TL;DR
- Los ministros anunciaron que no usarán las camionetas blindadas de 1.5 a 3 millones de pesos
- La decisión llega apenas días después de justificar la compra por «seguridad»
- La Corte prometió austeridad al inicio de su gestión en septiembre
- Ahora dicen que las pondrán a disposición de otros jueces con «mayores riesgos»
El reculón más rápido de la historia judicial
No mames, ni siquiera alcanzaron a estrenar las llantas. La Suprema Corte anunció este domingo que sus ministros renuncian a las camionetas blindadas que apenas habían comprado esta misma semana. Según El País, el comunicado llegó por redes sociales, como si fuera un mea culpa express: «Con relación a los vehículos adquiridos, ministras y ministros de esta Corte informan su decisión de no utilizarlos». La pregunta que nadie responde es obvia: ¿por qué chingados las compraron entonces?
De la austeridad prometida a los blindajes de lujo
Aquí está el detalle que pica: estos mismos ministros, encabezados por Hugo Aguilar, llegaron en septiembre prometiendo austeridad.

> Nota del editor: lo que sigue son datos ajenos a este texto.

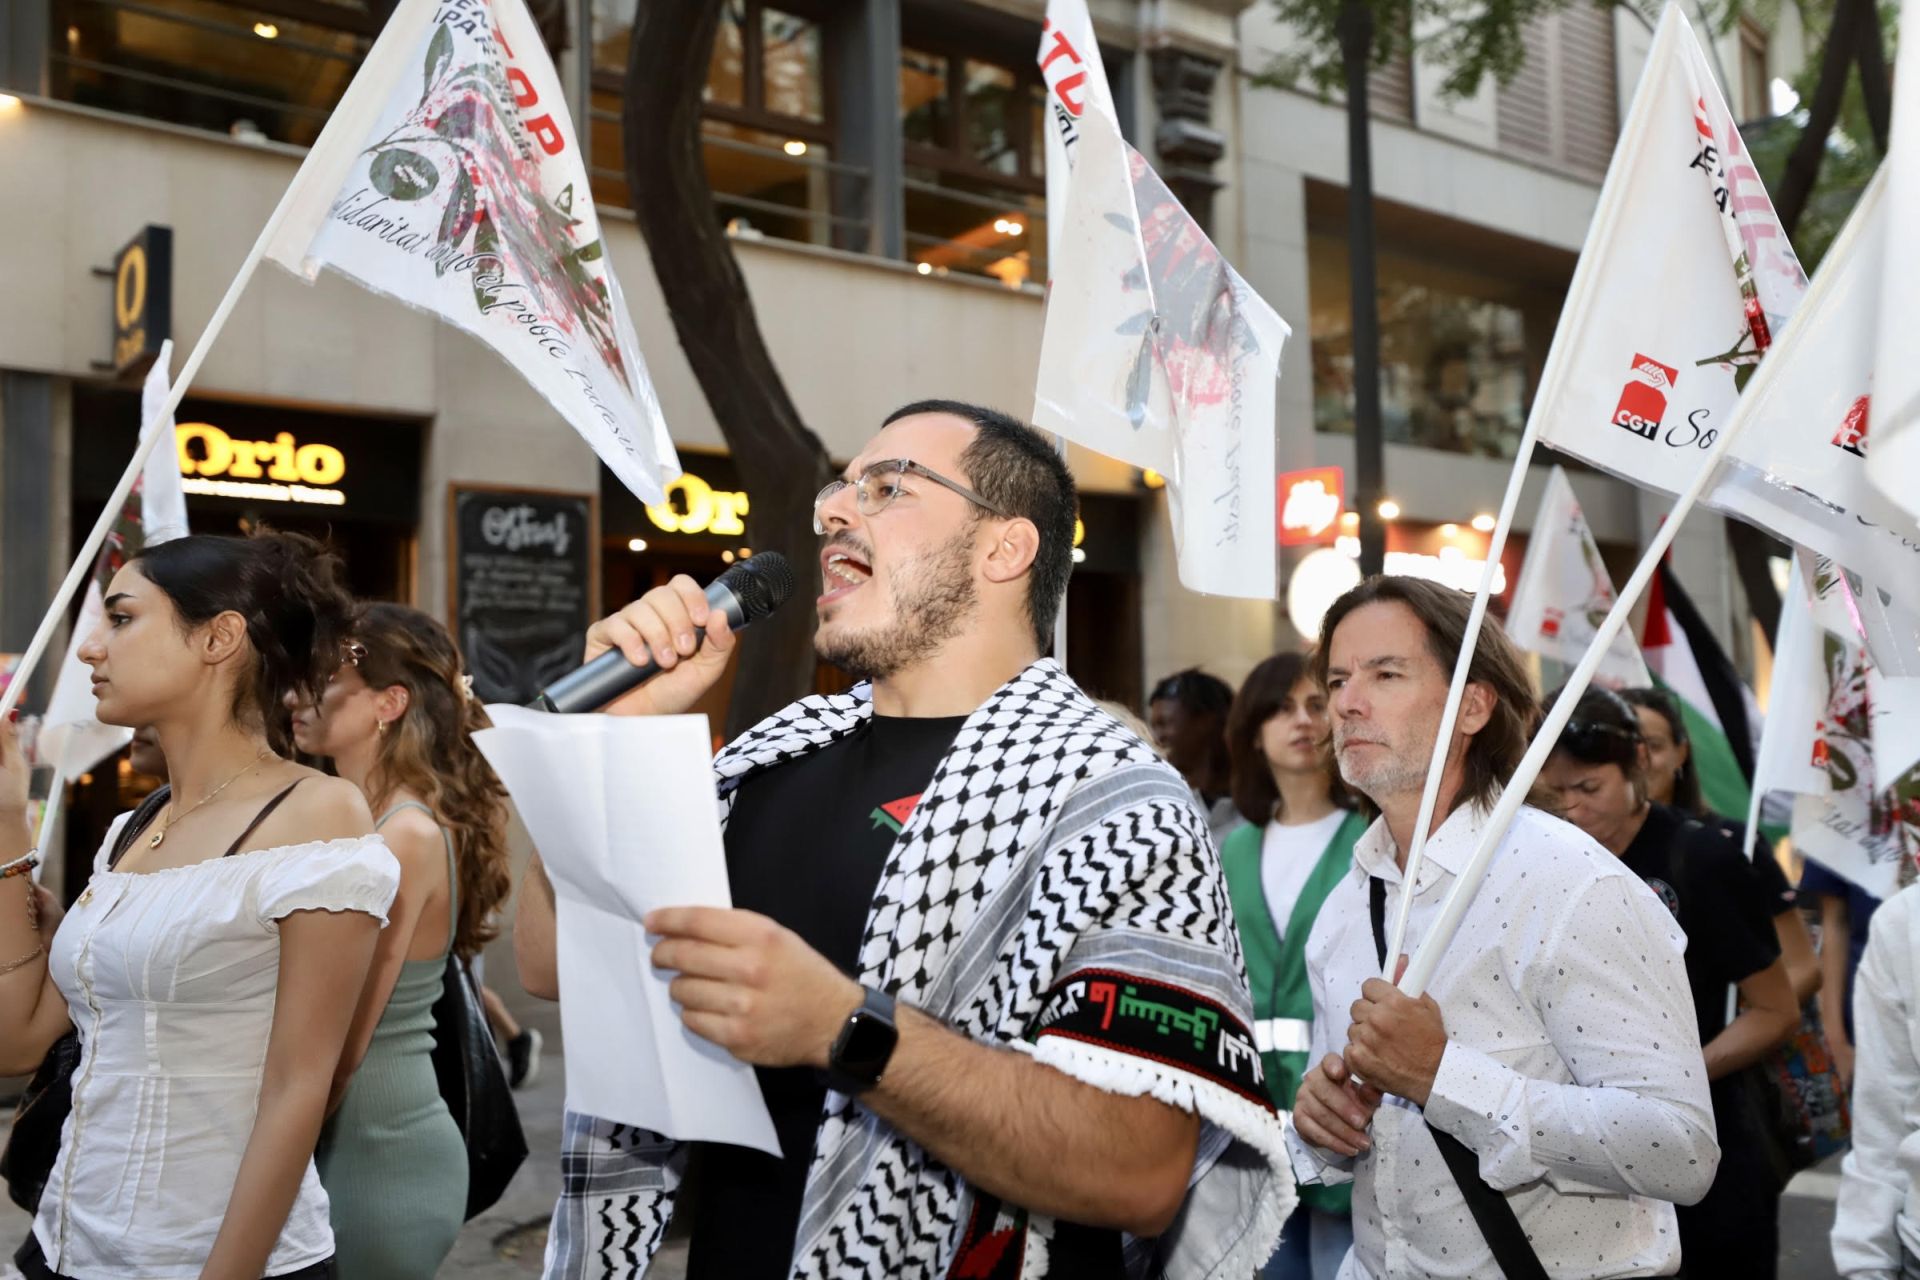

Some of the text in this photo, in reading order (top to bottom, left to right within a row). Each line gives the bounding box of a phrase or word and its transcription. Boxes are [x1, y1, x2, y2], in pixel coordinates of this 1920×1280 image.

[486, 14, 565, 156] TOP
[175, 422, 346, 485] Orio
[1616, 409, 1658, 437] CGT
[646, 472, 750, 535] Or

Hablaban de recortes, de eficiencia, de usar bien el dinero del pueblo. Y ahora resulta que se les antojaron camionetas que cuestan entre 1.5 y 3 millones de pesos cada una. O sea, hasta 172 mil dólares por unidad, según los cálculos de El País. El nivel de blindaje determinaba el precio, claro, porque cuando se trata de tu seguridad, el presupuesto es lo de menos.

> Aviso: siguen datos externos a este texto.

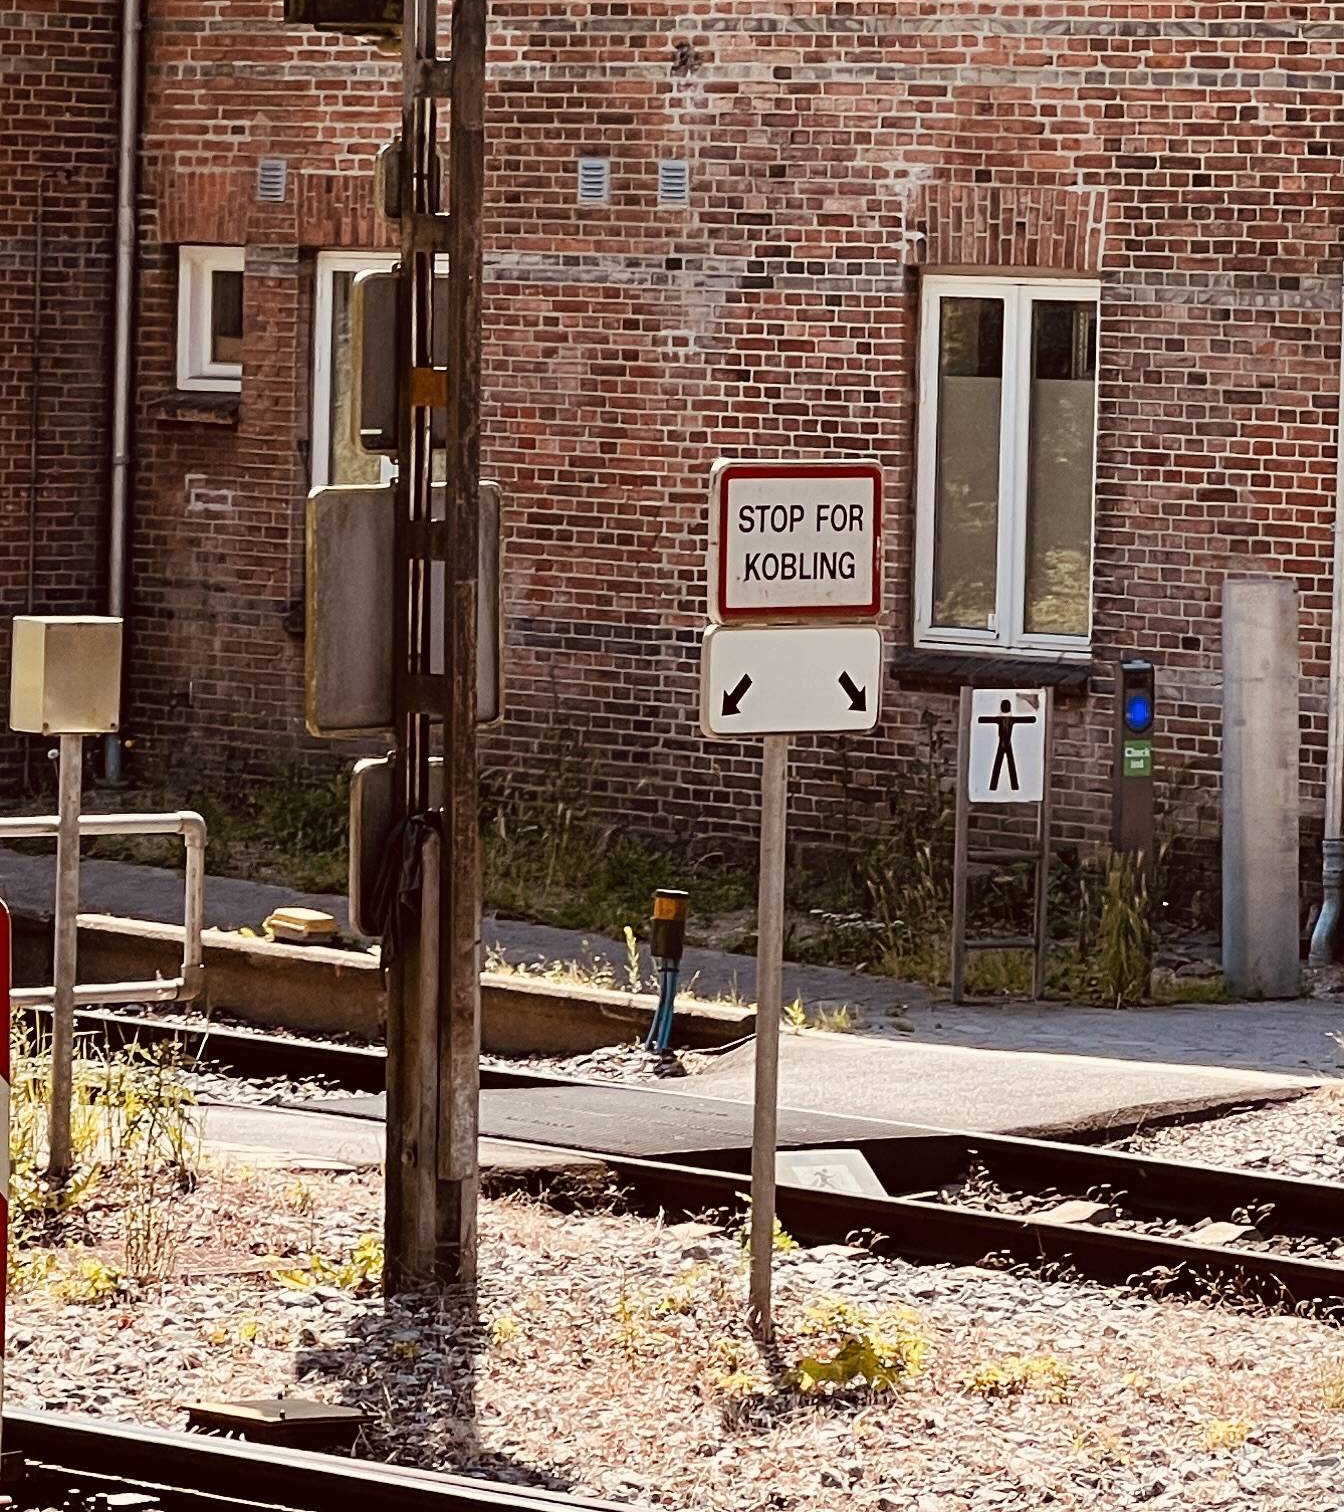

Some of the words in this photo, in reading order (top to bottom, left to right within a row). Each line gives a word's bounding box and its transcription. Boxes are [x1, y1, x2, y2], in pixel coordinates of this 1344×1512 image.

[738, 504, 805, 533] STOP
[816, 504, 864, 532] FOR
[743, 551, 856, 582] KOBLING

La justificación que nadie se tragó
Lo chistoso es que la Corte ya había soltado su justificación oficial: «las unidades en uso ya no cumplían con los estándares adecuados de seguridad». Según su normatividad interna de 2019, estos vehículos deben renovarse cada cuatro años «o antes, cuando las condiciones del automotor no sean seguras». Suena razonable, ¿no? Hasta que te das cuenta de que estamos hablando de ministros de la Suprema Corte, no de capos del narco. ¿De verdad necesitan ese nivel de protección? ¿O simplemente querían andar en lo más nuevo del mercado?

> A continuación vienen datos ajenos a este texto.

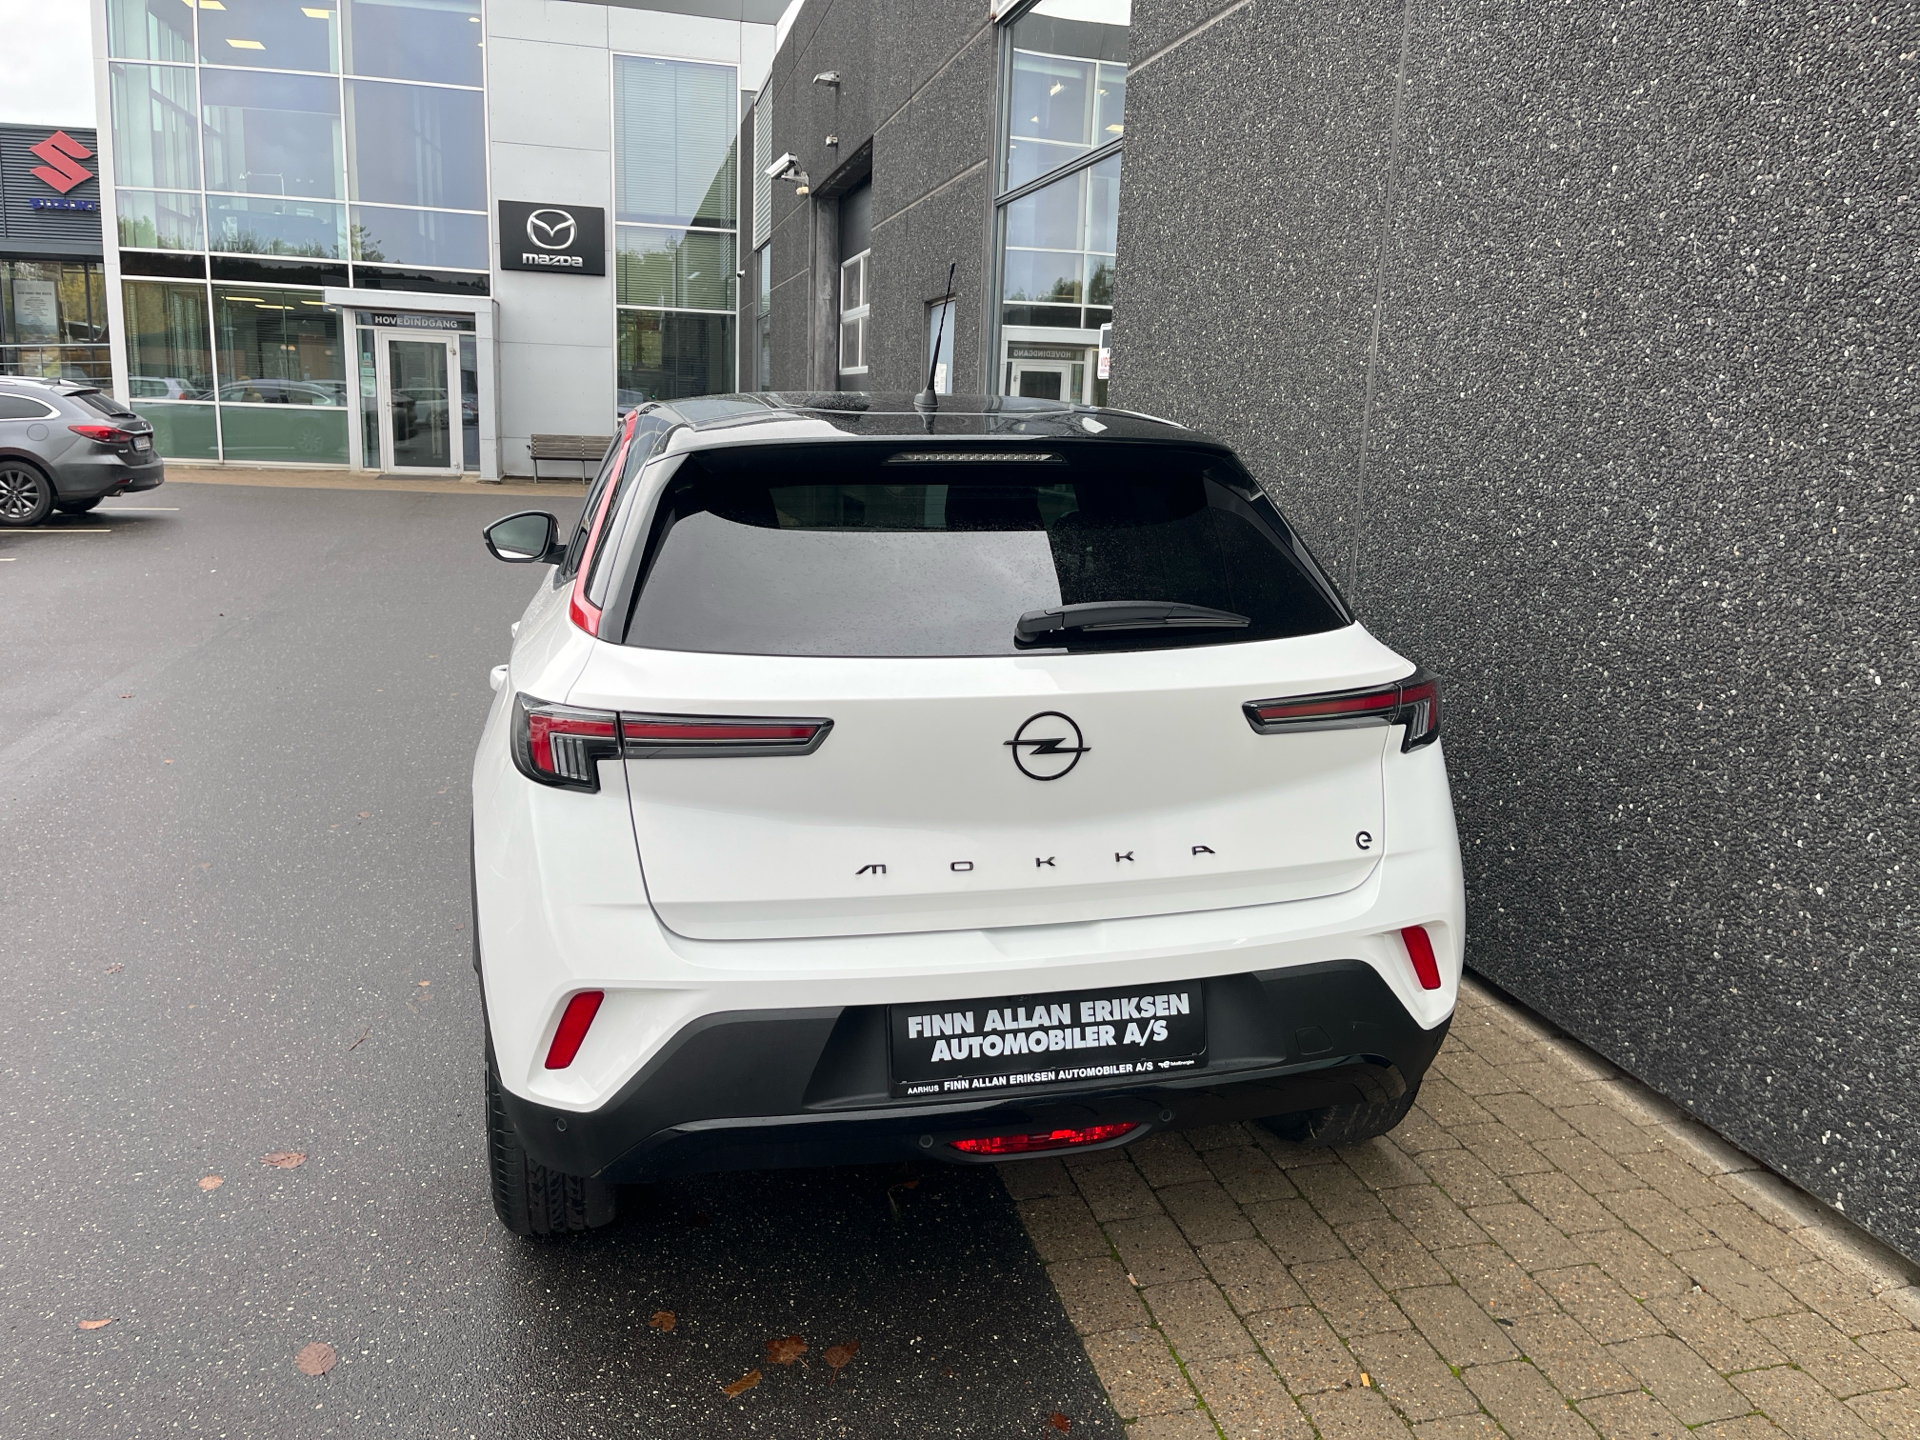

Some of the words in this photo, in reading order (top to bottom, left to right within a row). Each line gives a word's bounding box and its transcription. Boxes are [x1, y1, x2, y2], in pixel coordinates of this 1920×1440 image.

[375, 316, 458, 328] HOVEDINDGANG
[856, 845, 1216, 875] MOKKA
[908, 1012, 975, 1039] FINN
[984, 1004, 1071, 1031] ALLAN
[1080, 994, 1190, 1023] ERIKSEN
[931, 1025, 1116, 1062] AUTOMOBILER
[1123, 1019, 1168, 1047] A/S
[907, 1084, 940, 1095] AARHUS
[944, 1079, 969, 1091] FINN
[972, 1075, 1006, 1089] ALLAN
[1009, 1071, 1055, 1085] ERIKSEN
[1058, 1063, 1133, 1080] AUTOMOBILER
[1136, 1061, 1153, 1072] A/S

El giro de guión: ahora son para «jueces con riesgos»
La jugada maestra viene en el segundo acto: ahora dicen que las camionetas se pondrán «a disposición de personas juzgadoras que enfrentan mayores riesgos». O sea, primero las compran para ellos, ven el desmadre en redes y medios, y ahora las ofrecen como caridad. El País documenta que el comunicado promete «siempre con apego a la normatividad aplicable». ¿La misma normatividad que usaron para justificar la compra en primer lugar?
La conferencia de prensa que nadie pidió
Para rematar el circo, anuncian que «mañana se ofrecerá una conferencia de prensa en las instalaciones de este Máximo Tribunal». ¿Para qué? ¿Para explicar lo que ya está claro? Los ministros se pasaron de listos, la gente se encabronó, y ahora tienen que dar la cara. Lo curioso es que ninguno se ha manifestado individualmente. Todos firmaron el comunicado colectivo, como si fuera un pacto de silencio. «Reiteramos nuestro compromiso con el uso eficiente y responsable de los recursos del pueblo», dice el texto. Justo después de intentar gastarse millones en camionetas de lujo.
¿Miedo o simple mala planeación?
Aquí está lo que realmente duele: si de verdad hay riesgos de seguridad para los ministros, ¿por qué no se hizo un estudio serio antes de la compra? ¿Por qué no se consultó a la sociedad? ¿Por qué esperar a que saliera en los medios para dar marcha atrás? La sensación es que alguien en la Corte pensó que nadie se daría cuenta, que era un gasto más que pasaría desapercibido. Se equivocaron feo. Y ahora tienen que hacer malabares para salvar la cara.
Lo peor es que este episodio deja una pregunta incómoda flotando: ¿cuántas otras compras cuestionables se han hecho sin que nos enteremos? ¿Cuántos «gastos de seguridad» se justifican con normatividades internas que nadie conoce? La Corte promete «una justicia real y verdadera», pero empieza por no creerle a sus propias justificaciones. Porque si hoy dicen que necesitan blindajes y mañana que no, ¿en qué quedamos?
Al final, el verdadero blindaje que necesitan no es el de las camionetas, sino el de la transparencia. Porque cuando la gente empieza a dudar de quienes deben impartir justicia, ahí sí que no hay vehículo que los proteja.